A biting wind cut her cheeks as she approached the stairwell leading beneath the tracks and to the exit. She wished she could have driven to Bristol – she would have felt safer in a car – but since her Corsa had a faulty water pump and was with the mechanic, she’d been forced to use public transport. As she walked, Lucy willed herself not to look at the man keeping pace with her.
You’re paranoid, she told herself. Just because he resembles the man that kidnapped you last year doesn’t mean anything. Yes, I know his family cursed you, that his mother swore to have you killed, but it doesn’t mean that every solid-looking, dark-haired bloke is out to get you.
Does it?
Her shoulder began to pulse where her kidnapper had knifed her. She’d had twenty-five stitches and was lucky the knife hadn’t lacerated any tendons or done any lasting damage. She’d been working a murder case last year and when she’d got close to exposing the killer, they’d kidnapped her, stuck her in a hole and left her to die.
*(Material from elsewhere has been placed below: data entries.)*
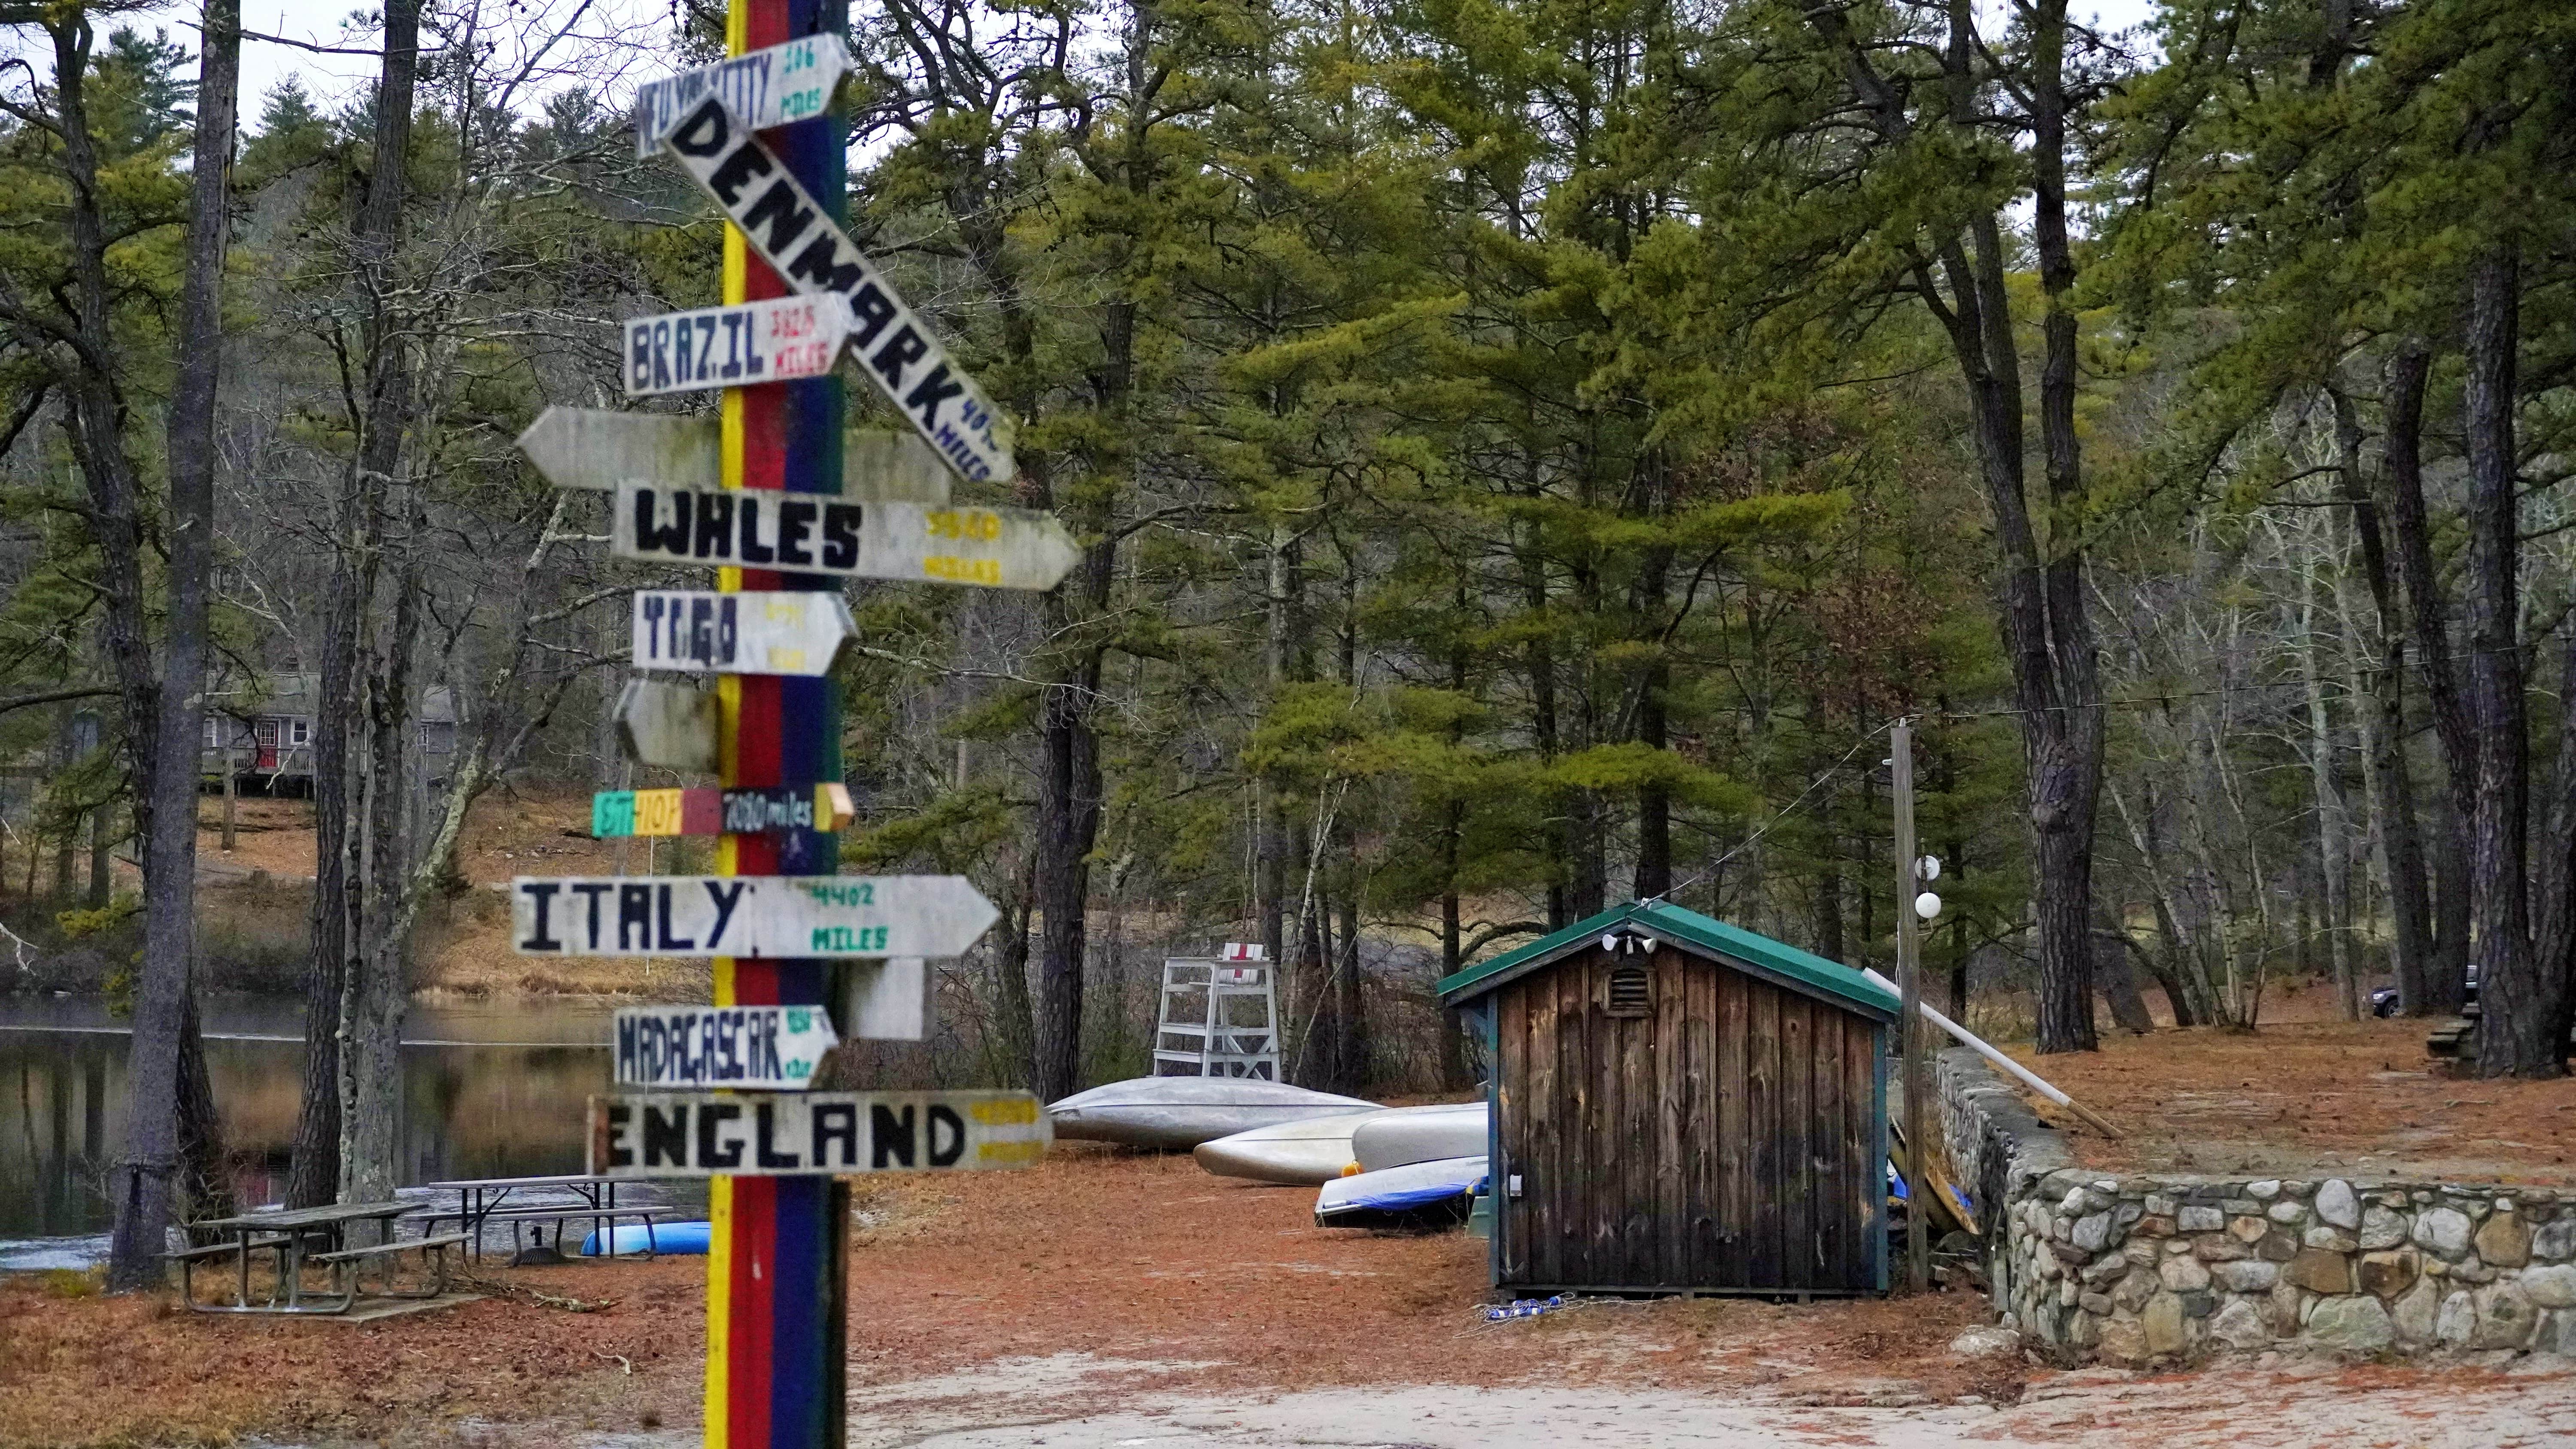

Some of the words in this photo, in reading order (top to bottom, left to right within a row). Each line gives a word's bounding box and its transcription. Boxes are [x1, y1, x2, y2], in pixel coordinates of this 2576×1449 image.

[671, 98, 964, 432] DENMARK
[632, 311, 764, 390] BRAZIL
[936, 421, 991, 482] MILES
[635, 488, 863, 568] WALES
[767, 791, 812, 827] miles
[520, 881, 745, 950] ITALY
[811, 926, 887, 952] MILES
[619, 1010, 783, 1082] MADAGASCAR
[606, 1102, 966, 1169] ENGLAND
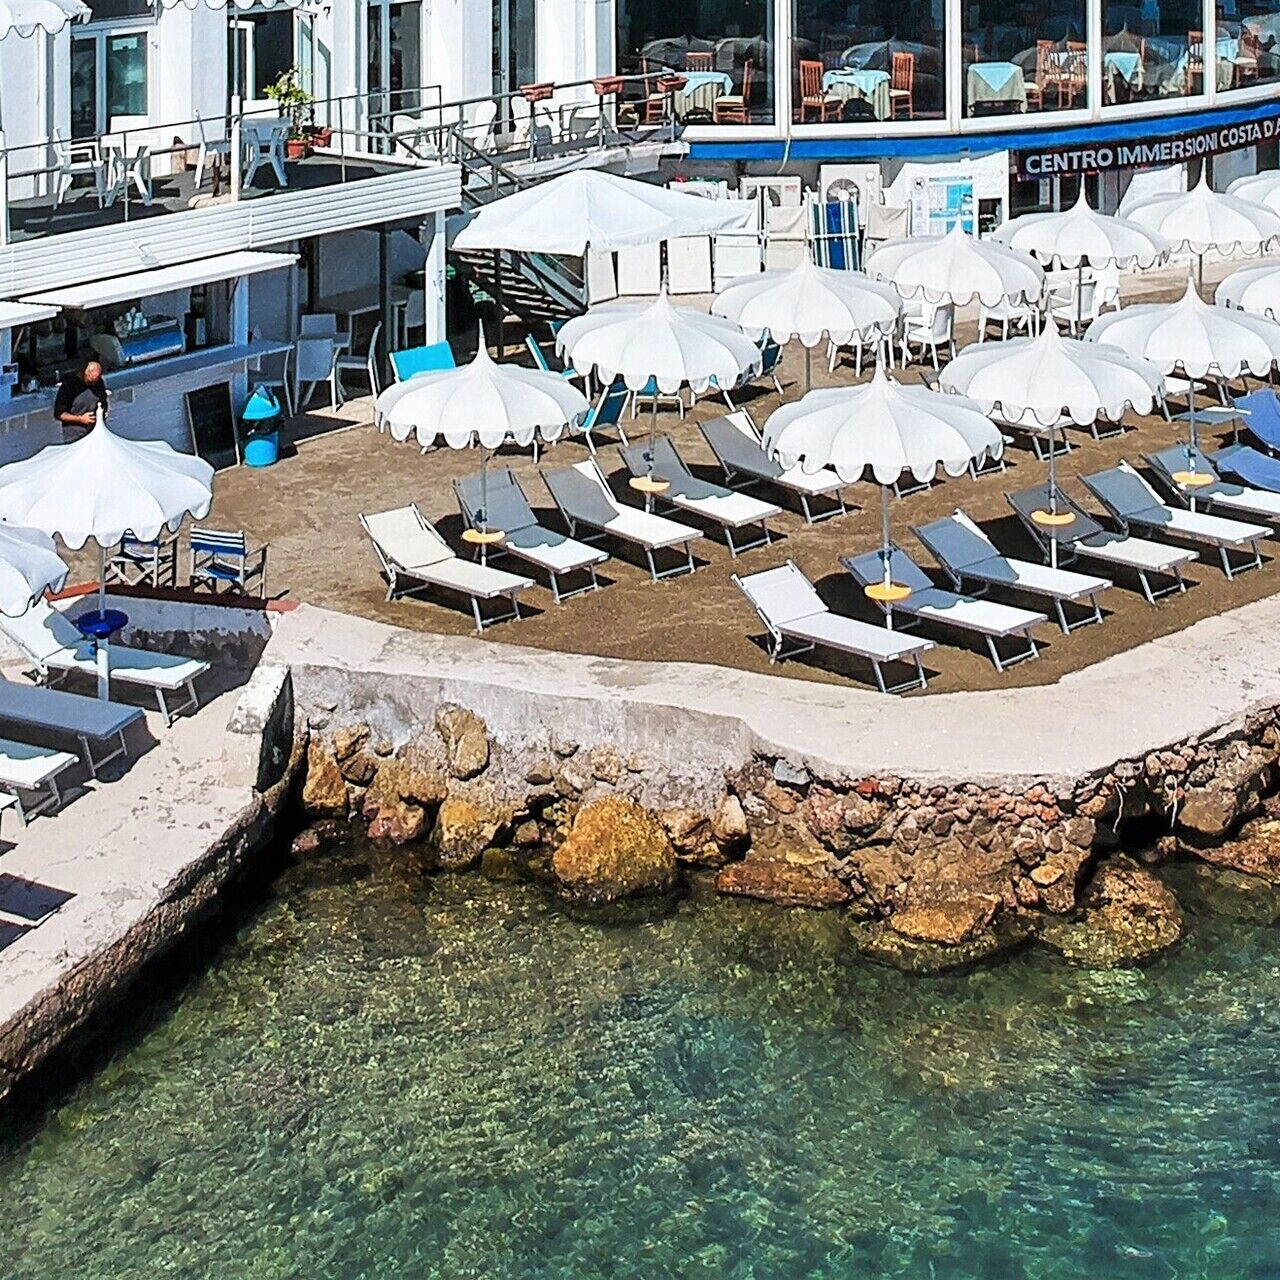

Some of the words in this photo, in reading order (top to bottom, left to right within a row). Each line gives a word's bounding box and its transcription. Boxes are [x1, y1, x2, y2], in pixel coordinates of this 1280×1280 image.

[1026, 148, 1113, 173] CENTRO
[1117, 132, 1218, 165] IMMERSIONI
[1220, 124, 1261, 148] COSTA
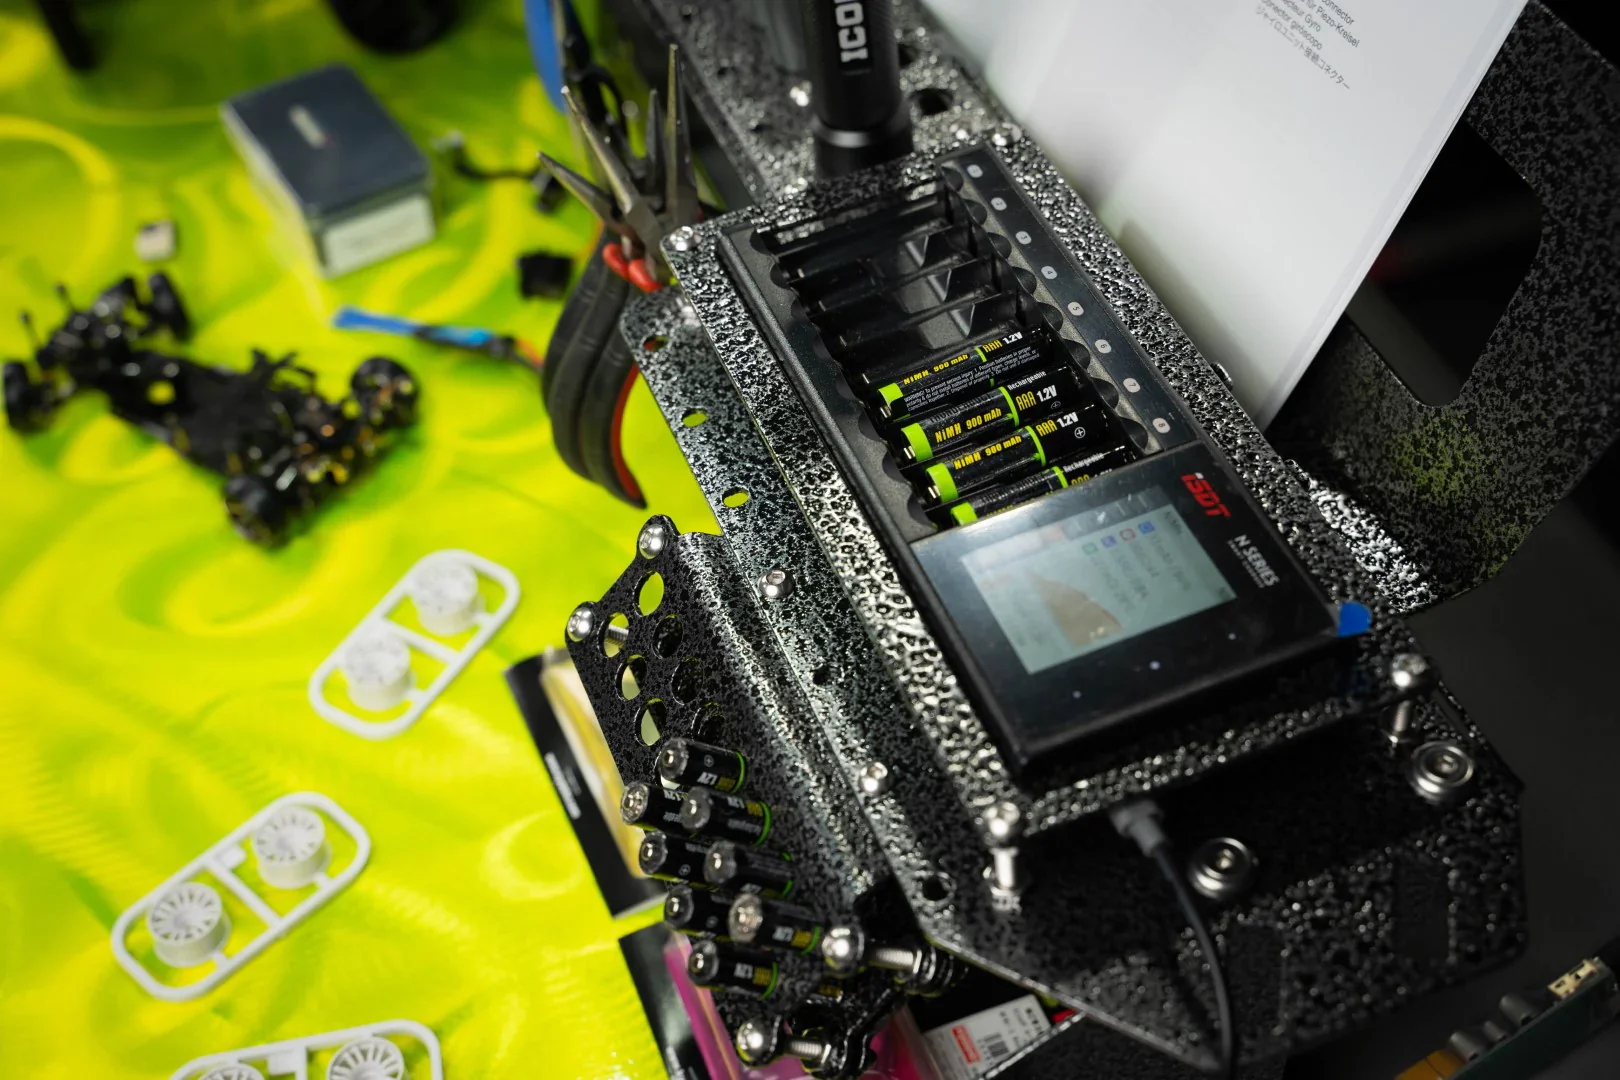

Thank God she’d been rescued or she’d be nothing but a pile of rotting clothes and bones.
Before she committed to the tunnel she brought out her phone, pretending she’d just received a text, and slowed her pace. The man slowed with her.
Nerves now shrieking with alarm, she kept hold of her phone and began pushing through the crowd, panic building. She had to get out of here.
‘Sorry, sorry.’ She barged ahead, her overnight bag banging into people as she passed. A quick glance over her shoulder showed the man wasn’t far behind.
Lucy was almost running when she exited the station, her pulse pounding.
‘Lucy!’ Mac was waving but her attention was on the man, who’d followed her outside. He was walking straight towards her, eyes focused over her shoulder and then he was past her, and climbing into the back of a taxi…
Her knees went weak.
Definitely paranoid, dammit. When was it going to stop?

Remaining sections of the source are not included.